- [WHAT YOU ARE ASKED TO DO]:
Give the entries again exactly, without pictures.
· · · · ·
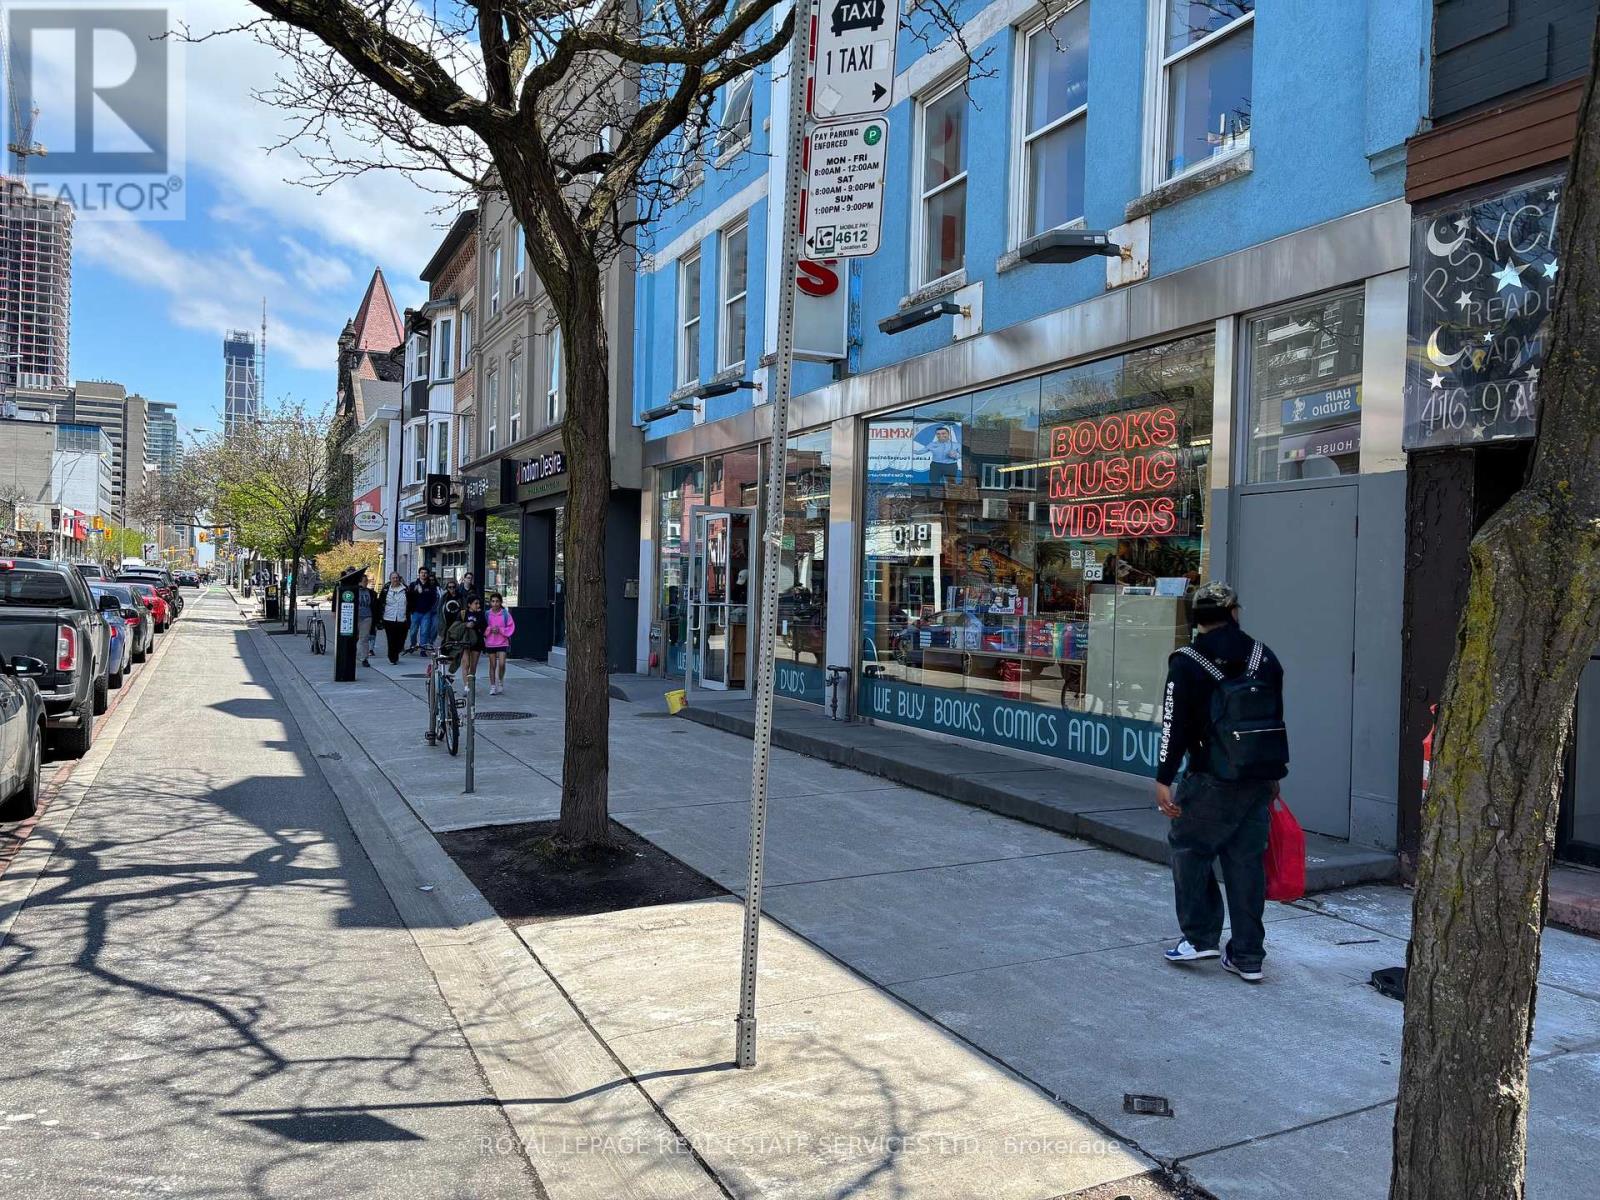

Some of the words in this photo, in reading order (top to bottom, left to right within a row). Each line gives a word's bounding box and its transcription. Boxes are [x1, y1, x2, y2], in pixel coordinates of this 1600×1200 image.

[840, 1, 877, 22] TAXI
[827, 51, 832, 75] 1
[840, 44, 874, 73] TAXI
[814, 132, 828, 141] PAY
[829, 128, 859, 139] PARKING
[814, 140, 848, 150] ENFORCED
[826, 156, 846, 166] MON
[853, 153, 868, 163] FRI
[814, 166, 841, 176] 8:00AM
[848, 162, 879, 173] 12:00AM
[837, 175, 854, 184] SAT
[815, 185, 842, 196] 8:00AM
[848, 182, 875, 192] 9:00PM
[835, 195, 853, 203] SUN
[814, 204, 840, 214] 1:00PM
[846, 202, 874, 211] 9:00PM
[835, 230, 868, 244] 4612
[1050, 408, 1176, 460] BOOKS
[540, 452, 562, 479] Desire
[1049, 451, 1176, 499] MUSIC
[1049, 497, 1176, 537] VIDEOS
[780, 668, 805, 694] DUD'S
[872, 686, 892, 714] WE
[898, 690, 926, 721] BUY
[934, 696, 986, 736] BOOKS,
[993, 706, 1058, 747] COMICS
[1068, 718, 1110, 756] AND
· · · · ·
- [RESPONSE TO THIS EXERCISE]:
Some of the words in this photo, in reading order (top to bottom, left to right within a row). Each line gives a word's bounding box and its transcription. Boxes are [x1, y1, x2, y2], in pixel coordinates of this 1600×1200 image.

[840, 1, 877, 22] TAXI
[827, 51, 832, 75] 1
[840, 44, 874, 73] TAXI
[814, 132, 828, 141] PAY
[829, 128, 859, 139] PARKING
[814, 140, 848, 150] ENFORCED
[826, 156, 846, 166] MON
[853, 153, 868, 163] FRI
[814, 166, 841, 176] 8:00AM
[848, 162, 879, 173] 12:00AM
[837, 175, 854, 184] SAT
[815, 185, 842, 196] 8:00AM
[848, 182, 875, 192] 9:00PM
[835, 195, 853, 203] SUN
[814, 204, 840, 214] 1:00PM
[846, 202, 874, 211] 9:00PM
[835, 230, 868, 244] 4612
[1050, 408, 1176, 460] BOOKS
[540, 452, 562, 479] Desire
[1049, 451, 1176, 499] MUSIC
[1049, 497, 1176, 537] VIDEOS
[780, 668, 805, 694] DUD'S
[872, 686, 892, 714] WE
[898, 690, 926, 721] BUY
[934, 696, 986, 736] BOOKS,
[993, 706, 1058, 747] COMICS
[1068, 718, 1110, 756] AND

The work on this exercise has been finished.